Whitlock, however, added a new piece to the CIA's incarceration puzzle: an
"imposing building" on the outskirts of Amman, Jordan. This turns out to be the
headquarters of the General Intelligence Department, Jordan's powerful spy and
security agency (and the CIA's closest Arab ally in the Middle East). Known as
a place where torture is freely applied, it has been a way-station for "CIA
prisoners captured in other countries." The first terror suspects kidnapped by
Agency operatives were, it seems, flown to Jordan and housed in that building
before Guantanamo was up and running or the Agency had been able to set up its
own secret prisons elsewhere. There, the prisoners were hidden, even from the
International Red Cross. To cite but one case Whitlock mentions:
"Jamil Qasim Saeed Mohammed, a Yemeni microbiology student, was captured in a
US-Pakistani operation in Karachi a few weeks after 9/11 on suspicion of
helping to finance al-Qaeda operations. Witnesses reported seeing masked men
take him aboard a Gulfstream V jet at the Karachi airport October 24, 2001.
Records show that the plane was chartered by a CIA front company and that it
flew directly to Amman. Mohammed has not been seen since. Amnesty International
said it has asked the Jordanian government for information on his whereabouts
but has not received an answer."
Also in December, because of that lawsuit against Jeppesen, we got our first
insider's account of the CIA "black sites" (and, thanks to Salon.com, even
architectural plans for a few of the interrogation rooms and prison cells at
those sites, all of which seem to have cameras in them). It was here that
"high-value targets" were incarcerated, isolated, and subjected to various
"enhanced interrogation techniques."
Mohamed Farag Ahmad Bashmilah, a Yemeni, was picked up by the Jordanians in
Amman in 2003 and tortured into signing a "full confession" (to acts he had not
committed). He was then turned over to the CIA and flown to Kabul (and possibly
Eastern Europe as well) where he was imprisoned. He has offered in-depth
accounts that give a sense of what those "enhanced interrogation techniques"

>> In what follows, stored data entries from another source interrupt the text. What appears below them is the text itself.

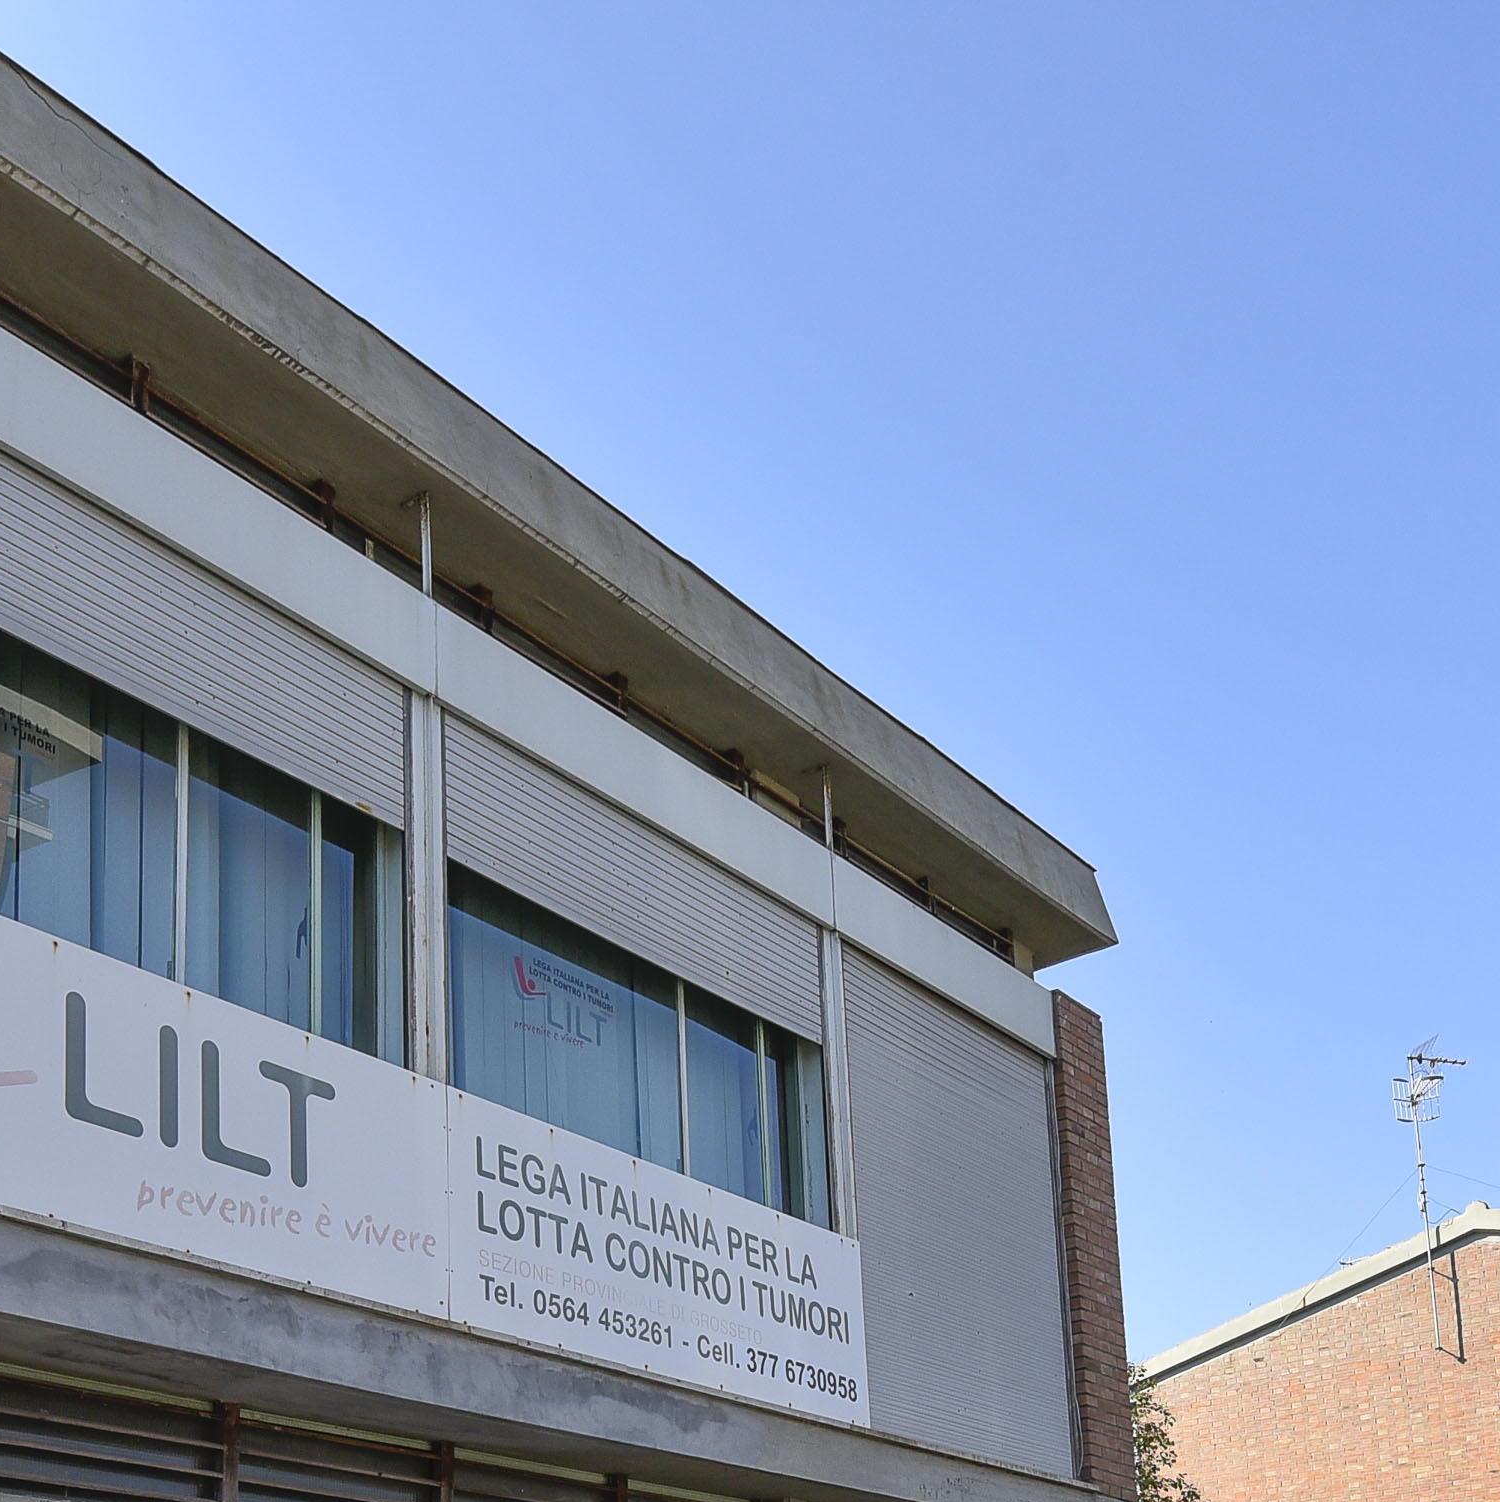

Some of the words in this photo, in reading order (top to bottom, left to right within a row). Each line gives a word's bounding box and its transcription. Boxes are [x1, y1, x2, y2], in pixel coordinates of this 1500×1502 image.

[11, 725, 56, 754] TUMORI
[529, 966, 551, 983] LOTTA
[553, 979, 581, 997] CONTRO
[588, 995, 614, 1013] TUMORI
[533, 957, 551, 972] LEGA
[553, 967, 583, 988] ITALIANA
[586, 983, 602, 996] PER
[603, 991, 610, 1000] LA
[547, 991, 607, 1046] LILT
[65, 991, 336, 1188] LILT
[136, 1179, 302, 1234] prevenire
[314, 1202, 332, 1238] è
[344, 1214, 437, 1257] vivere
[476, 1135, 571, 1205] LEGA
[580, 1172, 721, 1256] ITALIANA
[727, 1226, 779, 1276] PER
[785, 1247, 817, 1290] LA
[477, 1190, 594, 1263] LOTTA
[605, 1232, 731, 1305] CONTRO
[739, 1275, 746, 1311] I
[752, 1280, 850, 1345] TUMORI
[478, 1248, 556, 1285] SEZIONE
[691, 1310, 763, 1345] GROSSETO
[479, 1273, 523, 1309] Tel.
[533, 1289, 590, 1326] 0564
[598, 1307, 672, 1348] 453261
[697, 1334, 740, 1368] Cell.
[746, 1347, 779, 1378] 377
[785, 1358, 858, 1402] 6730958

the Bush administration sponsors so enthusiastically are all about at a
personal level. In the end, while in CIA custody, Bashmilah was driven to
several suicide attempts, including one in which, using a bit of metal, he
slashed his wrist and wrote, "I am innocent," on a cell wall in his own blood.
Here is just part of a description he offered Amy Goodman of Democracy Now! of
being prepared for transport by CIA air taxi into black-site hell:
"And then they put… like little plugs inside the ears, plastic. And then they
put gauze on that, on the ears. And then they taped that with very strong
adhesive tape. And then they put a hood over my head. And then, on top of that,
they put a headphone. This is as far as the top of my body was. And then they
handcuffed me with a chain, and also they chained my ankles. Then they put a
belt above the pants, and then they tied the hands and the ankles to that belt.

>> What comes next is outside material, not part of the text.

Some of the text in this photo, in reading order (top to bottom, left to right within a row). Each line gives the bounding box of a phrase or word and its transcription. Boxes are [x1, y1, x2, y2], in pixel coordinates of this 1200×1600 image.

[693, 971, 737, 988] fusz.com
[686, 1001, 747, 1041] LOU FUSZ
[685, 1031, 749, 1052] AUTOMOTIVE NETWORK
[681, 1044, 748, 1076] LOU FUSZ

This was after being slapped and kicked until I almost fainted."
In his cell in a secret prison in Afghanistan, "[i]n the beginning, it was
totally dark. It was as if you were inside a tomb. Then, after that, they would
turn a light on. Above the door, there was a camera. And there was constant
loud music." From then on, neither the lights, nor the music went off. As Mark
Benjamin of Salon.com wrote, "His leg shackles were chained to the wall. The
guards would not let him sleep, forcing Bashmilah to raise his hand every half
hour to prove he was still awake … Guards wore black pants with pockets,
long-sleeved black shirts, rubber gloves or black gloves, and masks that
covered the head and neck. The masks had tinted yellow plastic over the eyes.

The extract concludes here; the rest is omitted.